-- Dataset excerpts follows --
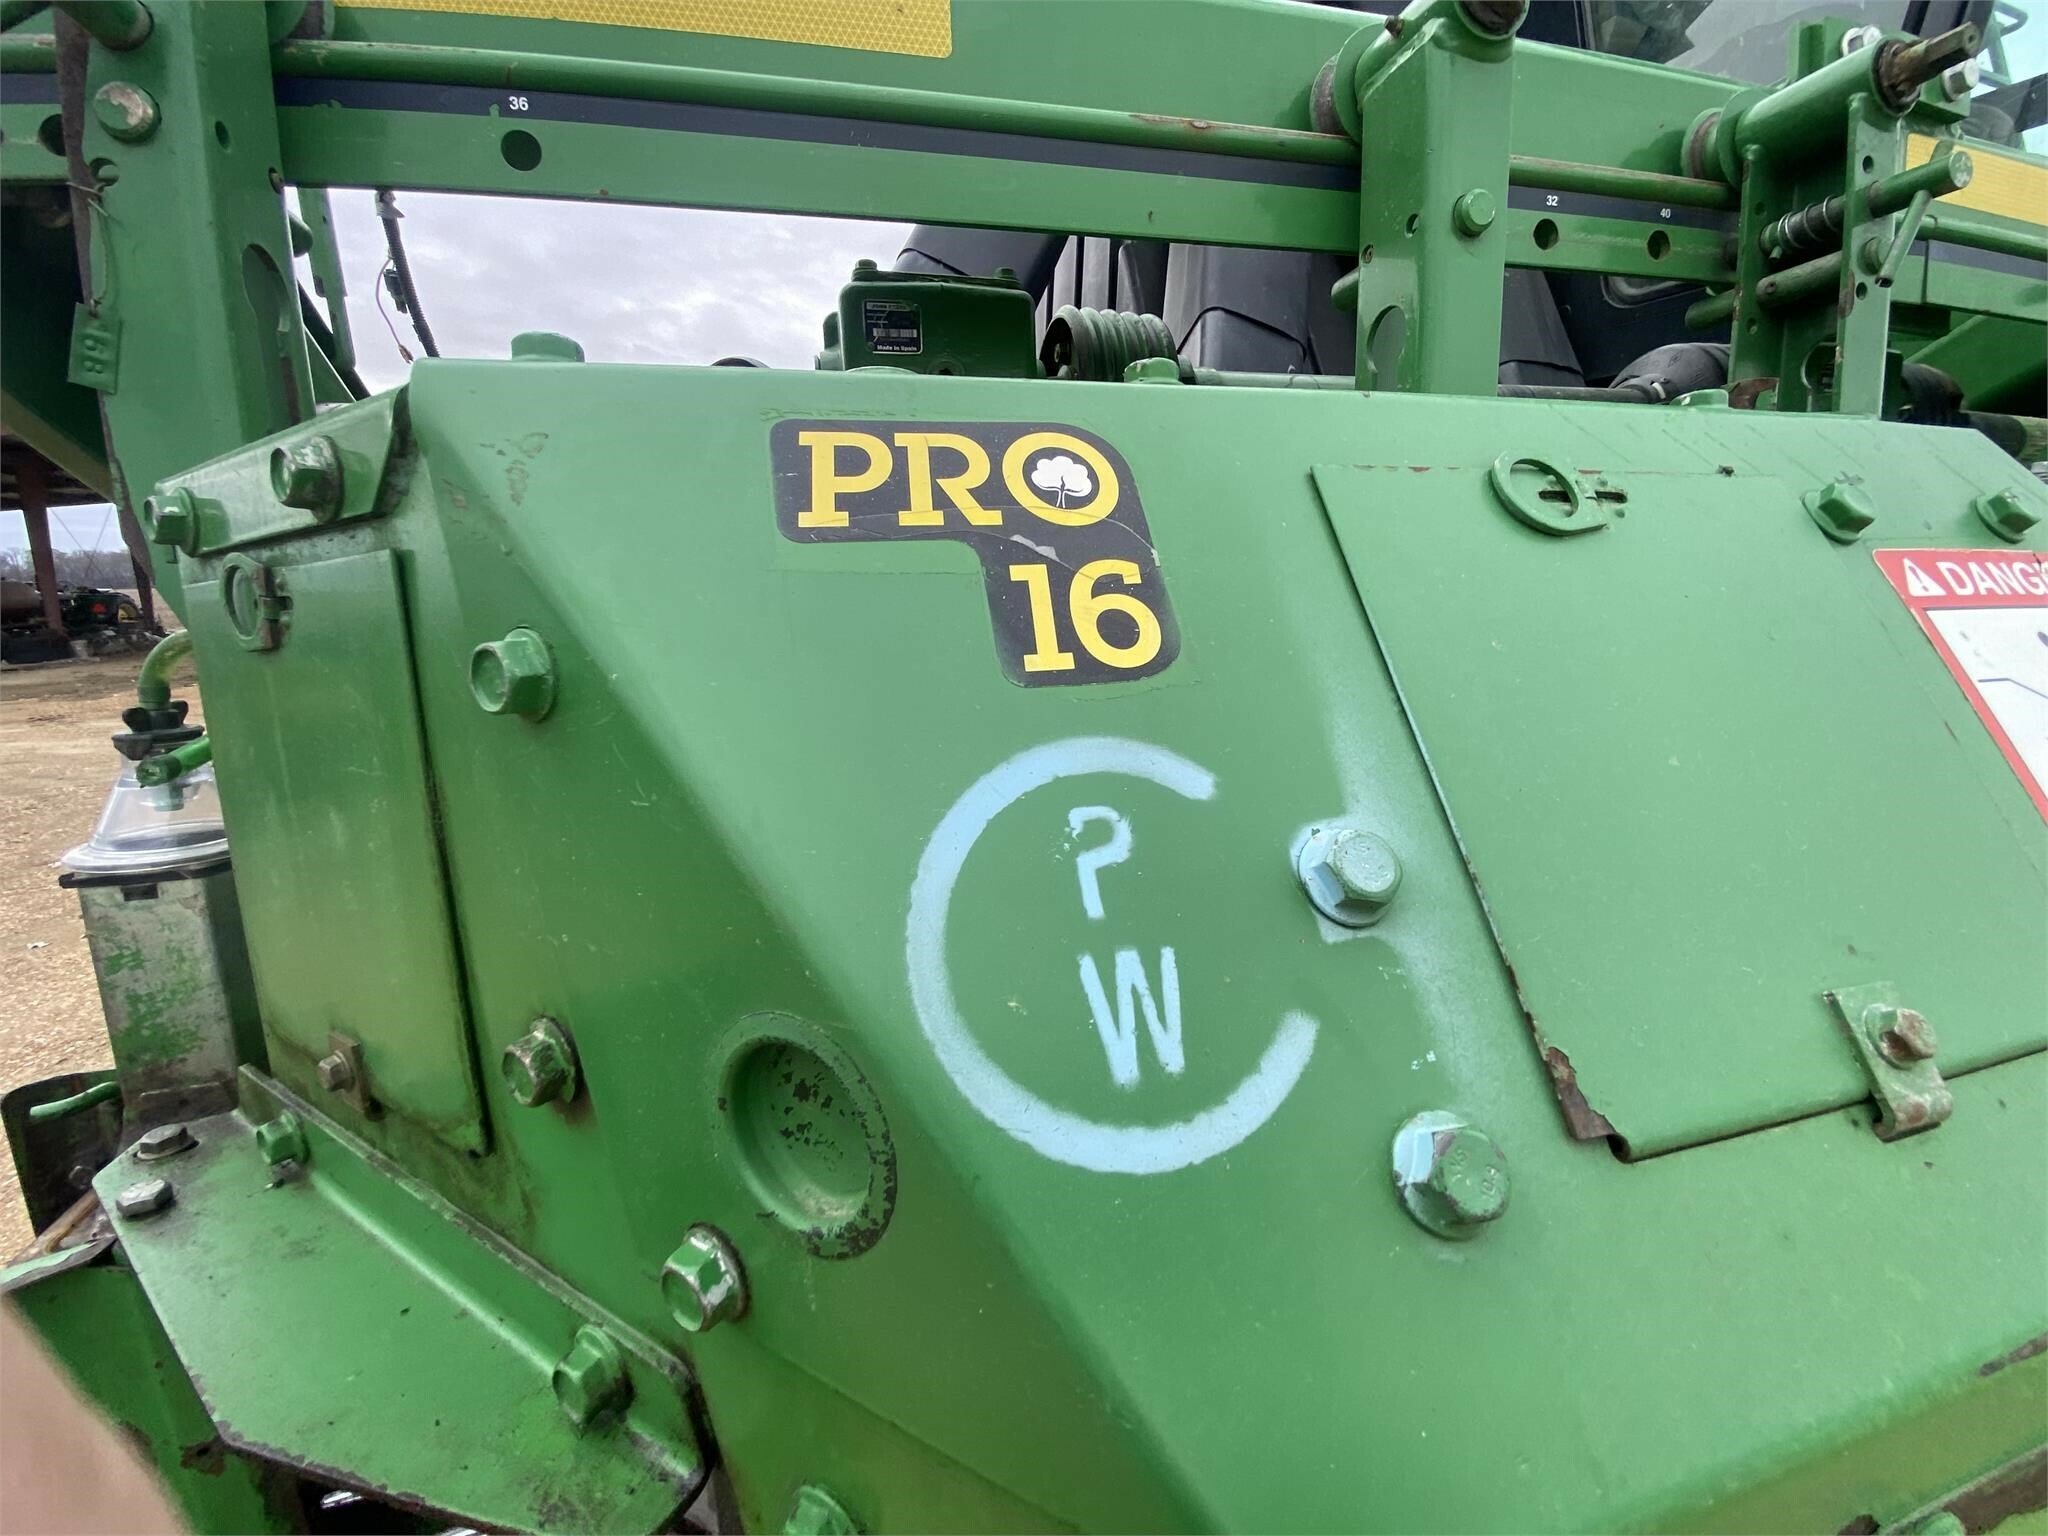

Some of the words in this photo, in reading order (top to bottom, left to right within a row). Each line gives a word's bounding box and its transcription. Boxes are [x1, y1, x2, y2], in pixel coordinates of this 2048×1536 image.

[508, 96, 529, 111] 36
[1545, 194, 1559, 207] 32
[1659, 207, 1672, 219] 40
[797, 431, 1120, 528] PRO
[1008, 559, 1162, 673] 16
[1077, 945, 1186, 1090] W
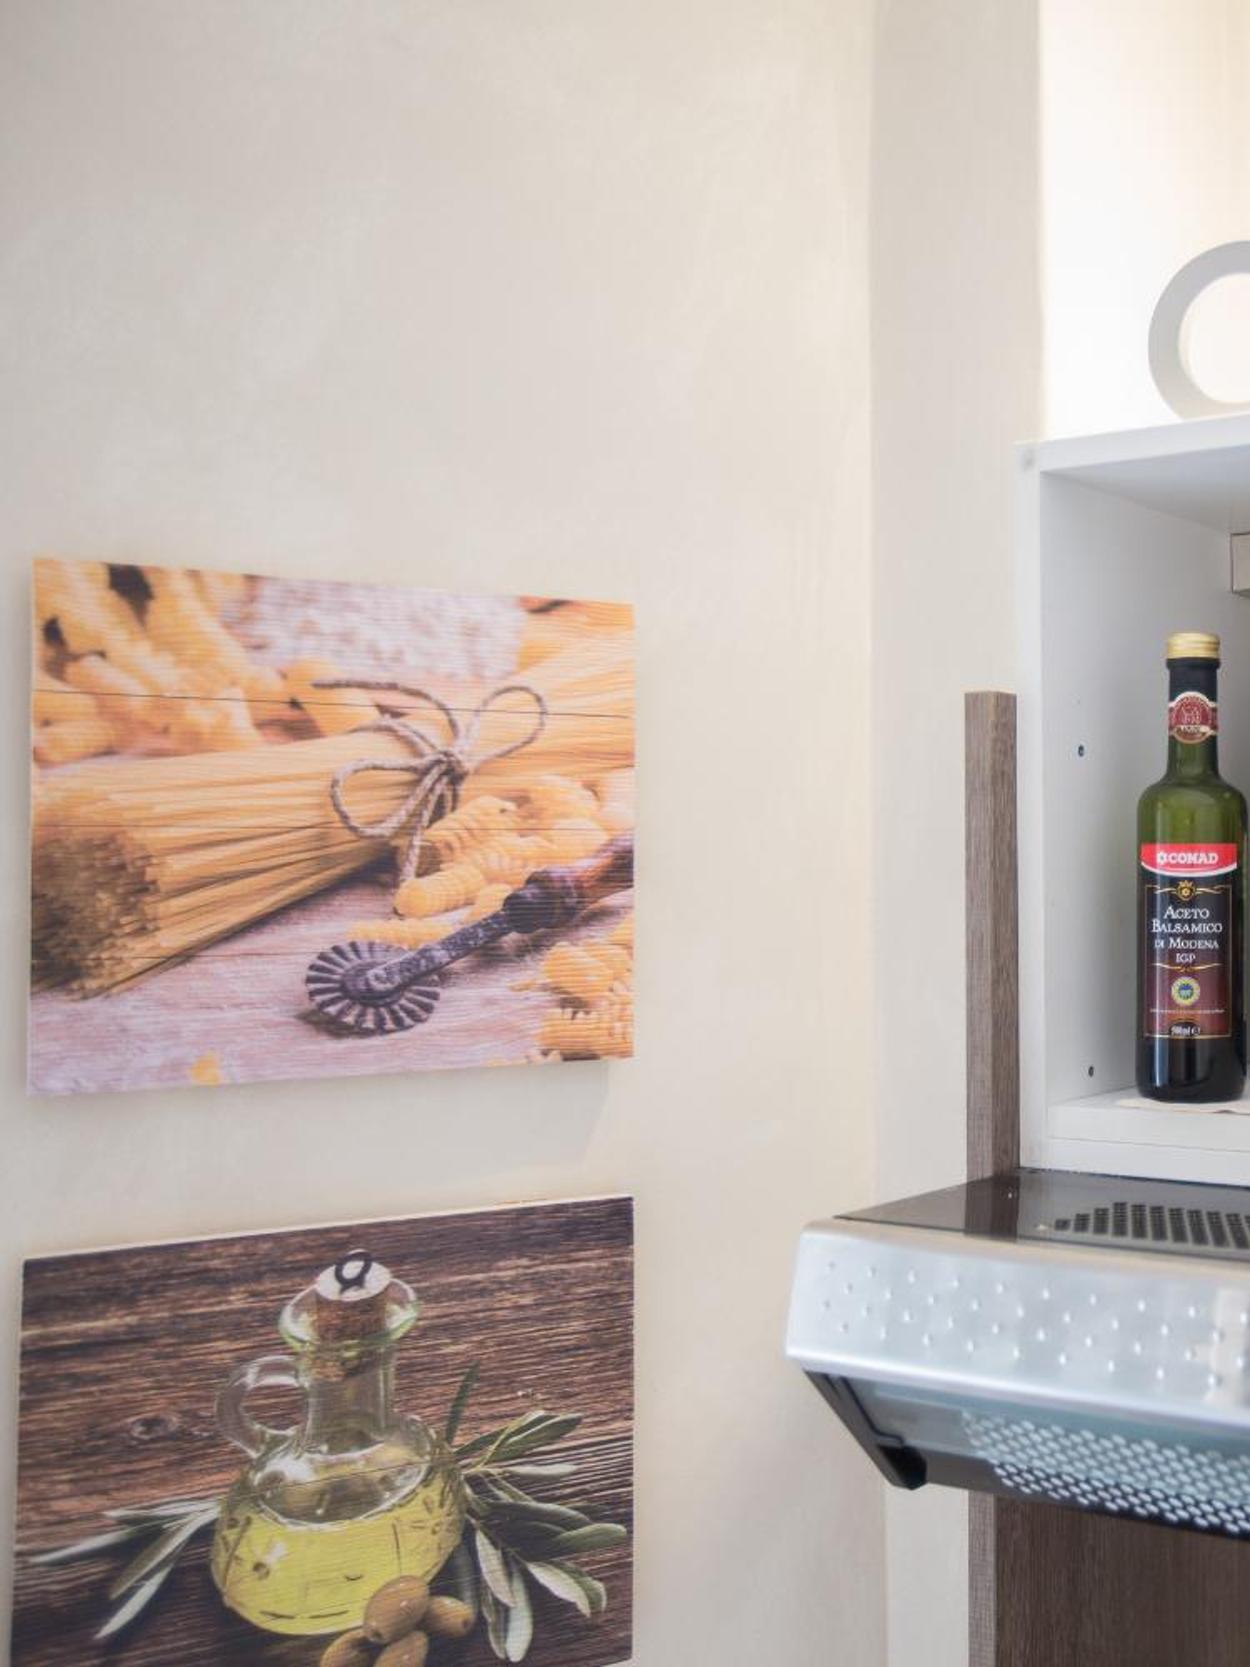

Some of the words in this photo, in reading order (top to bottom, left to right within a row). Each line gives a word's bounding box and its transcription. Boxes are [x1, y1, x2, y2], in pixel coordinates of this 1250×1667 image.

[1163, 905, 1210, 919] ACETO
[1151, 919, 1223, 934] BALSAMICO
[1169, 937, 1219, 950] MODENA
[1175, 953, 1197, 963] IGP
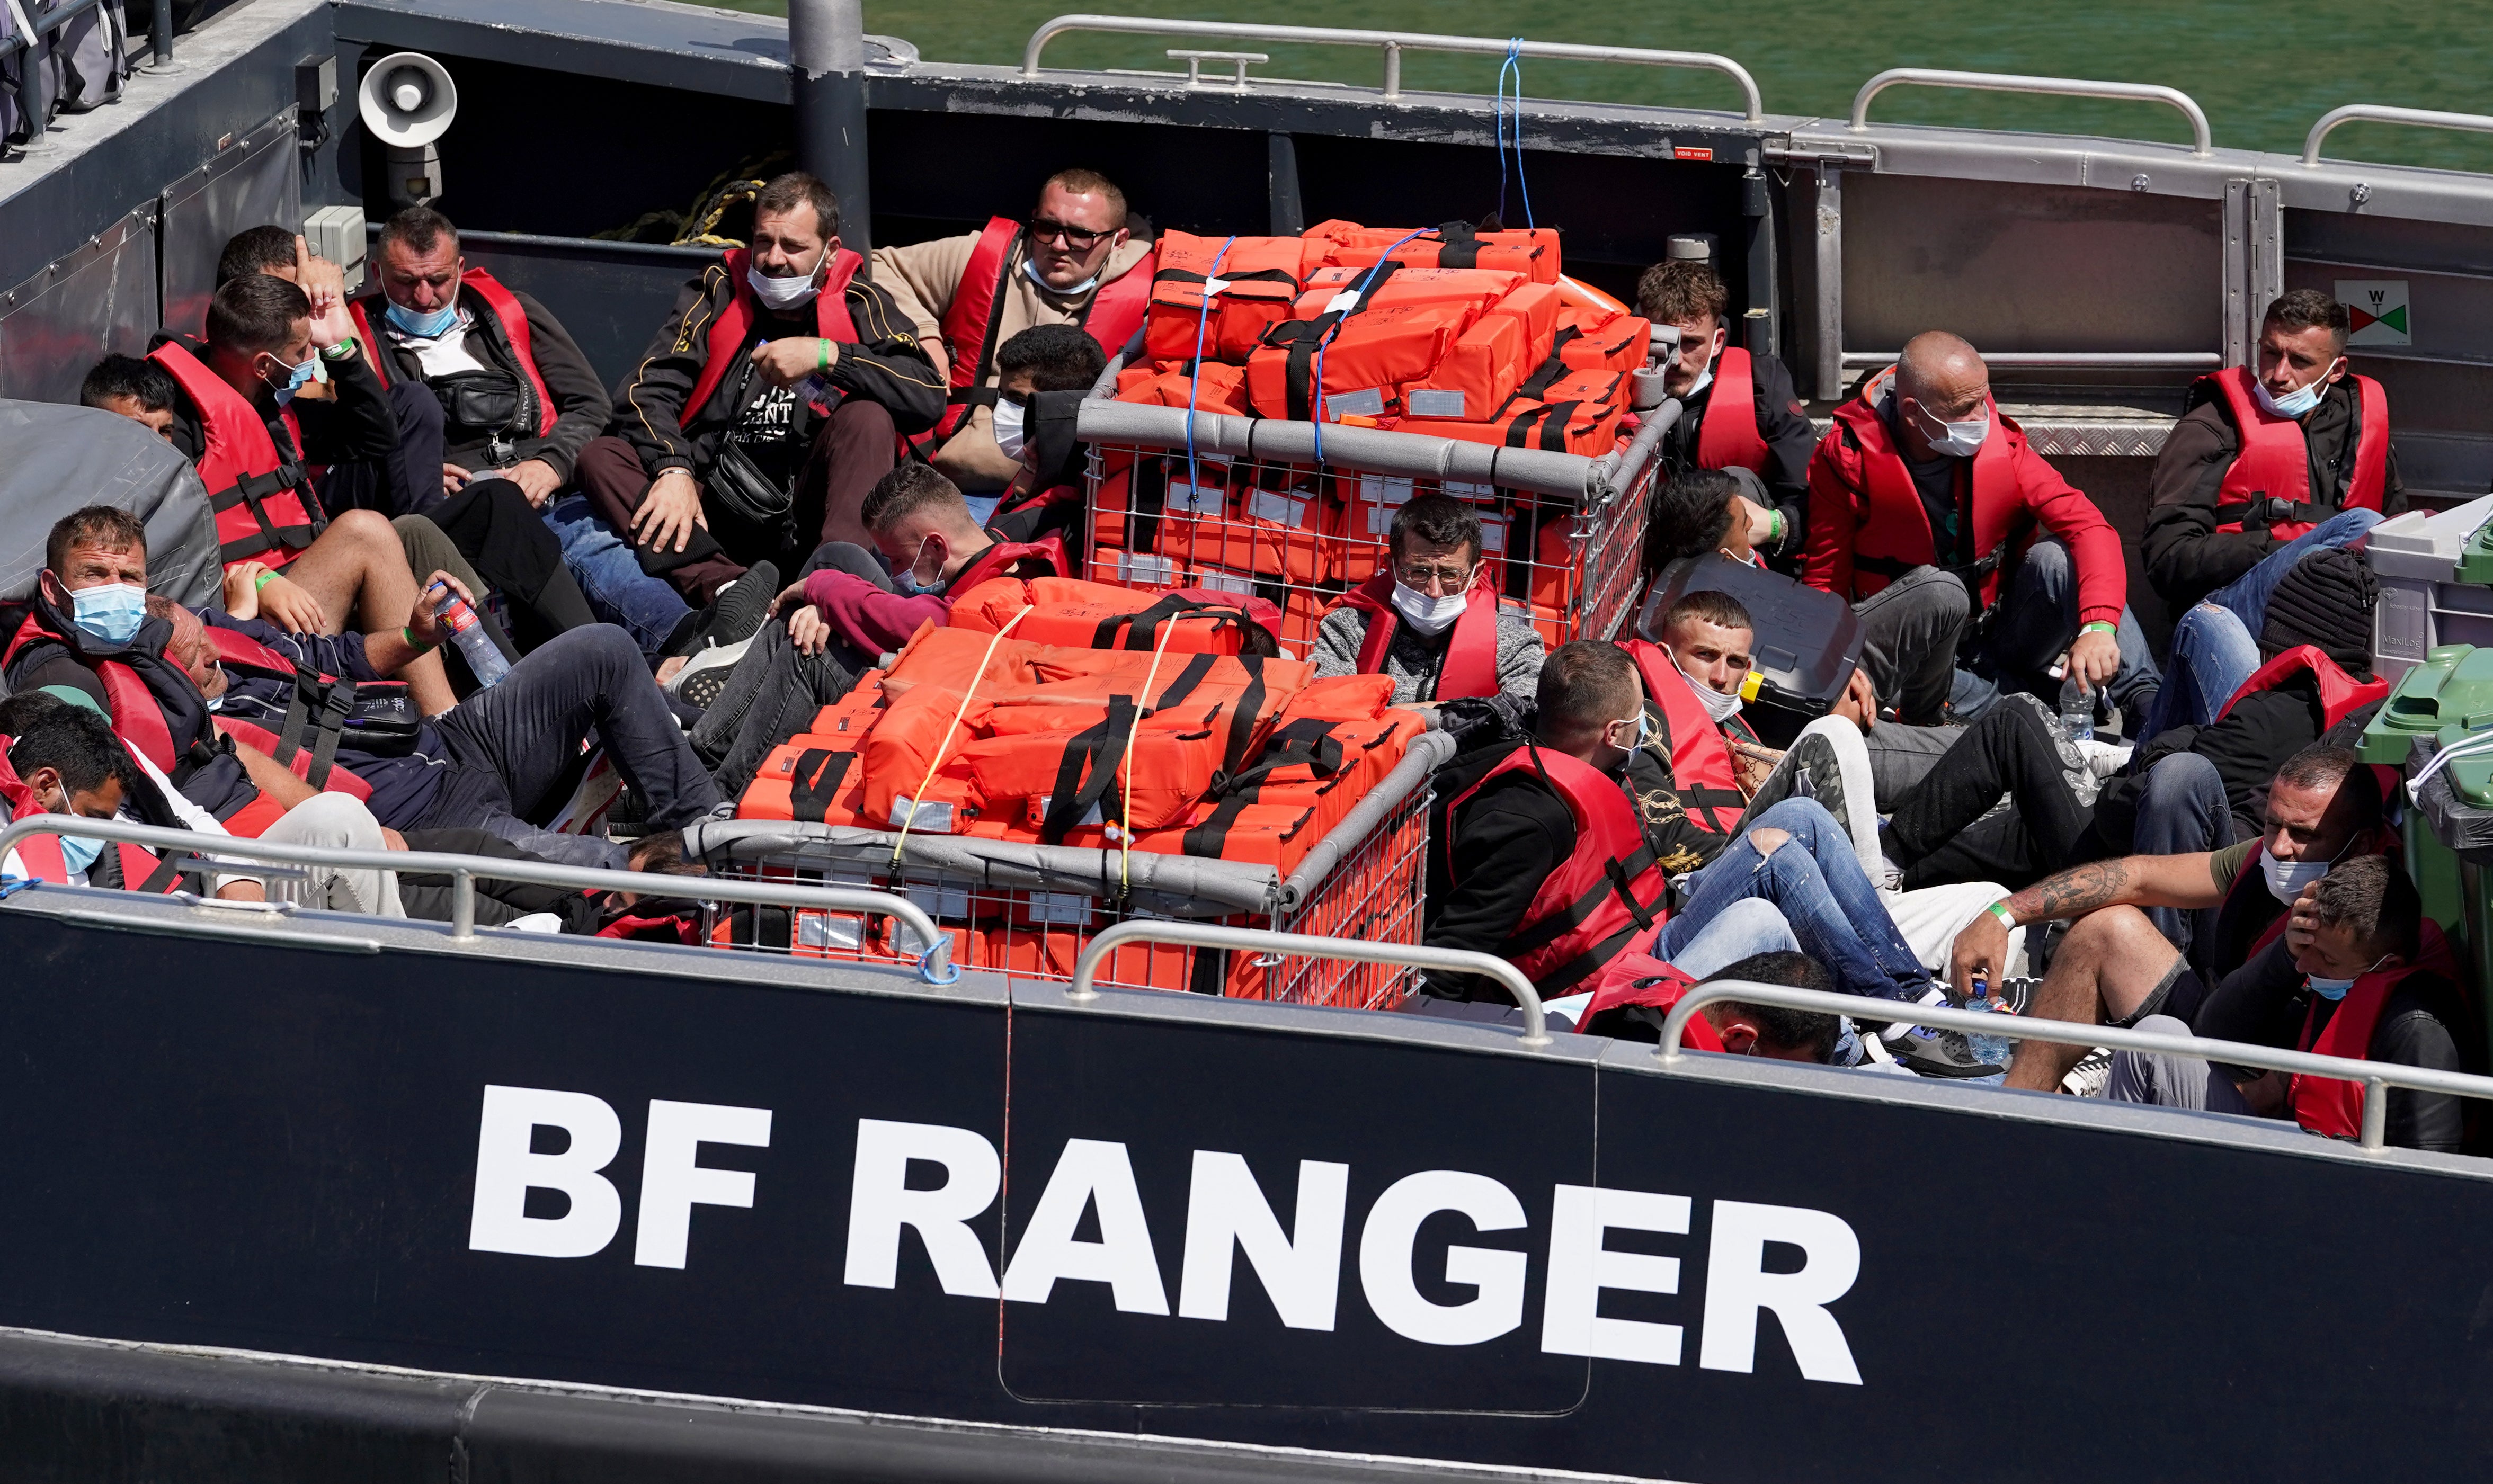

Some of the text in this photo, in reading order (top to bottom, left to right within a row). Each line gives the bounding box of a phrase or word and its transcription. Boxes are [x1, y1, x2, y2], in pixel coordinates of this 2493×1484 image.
-- Dataset excerpts concluded --
Try it:
Verbatim copy, images excluded: transcribe all the entries above.

Answer area:
Some of the words in this photo, in reading order (top to bottom, left to right within a row). Each line gives a word's bounding box and its transcription. Boxes are [x1, y1, x2, y2], in pixel coordinates of this 2048×1536 image.

[508, 96, 529, 111] 36
[1545, 194, 1559, 207] 32
[1659, 207, 1672, 219] 40
[797, 431, 1120, 528] PRO
[1008, 559, 1162, 673] 16
[1077, 945, 1186, 1090] W

Some of the words in this photo, in reading order (top to bottom, left to right within a row). Each line gives a word's bounding box and its transcription. Boxes are [x1, y1, x2, y2], in pixel coordinates of this 1250×1667 image.

[1163, 905, 1210, 919] ACETO
[1151, 919, 1223, 934] BALSAMICO
[1169, 937, 1219, 950] MODENA
[1175, 953, 1197, 963] IGP

Some of the text in this photo, in reading order (top to bottom, left to right within a row). Each line gives the bounding box of a phrase or word and its transcription. Boxes are [x1, y1, x2, y2], in pixel coordinates of this 2493×1484 image.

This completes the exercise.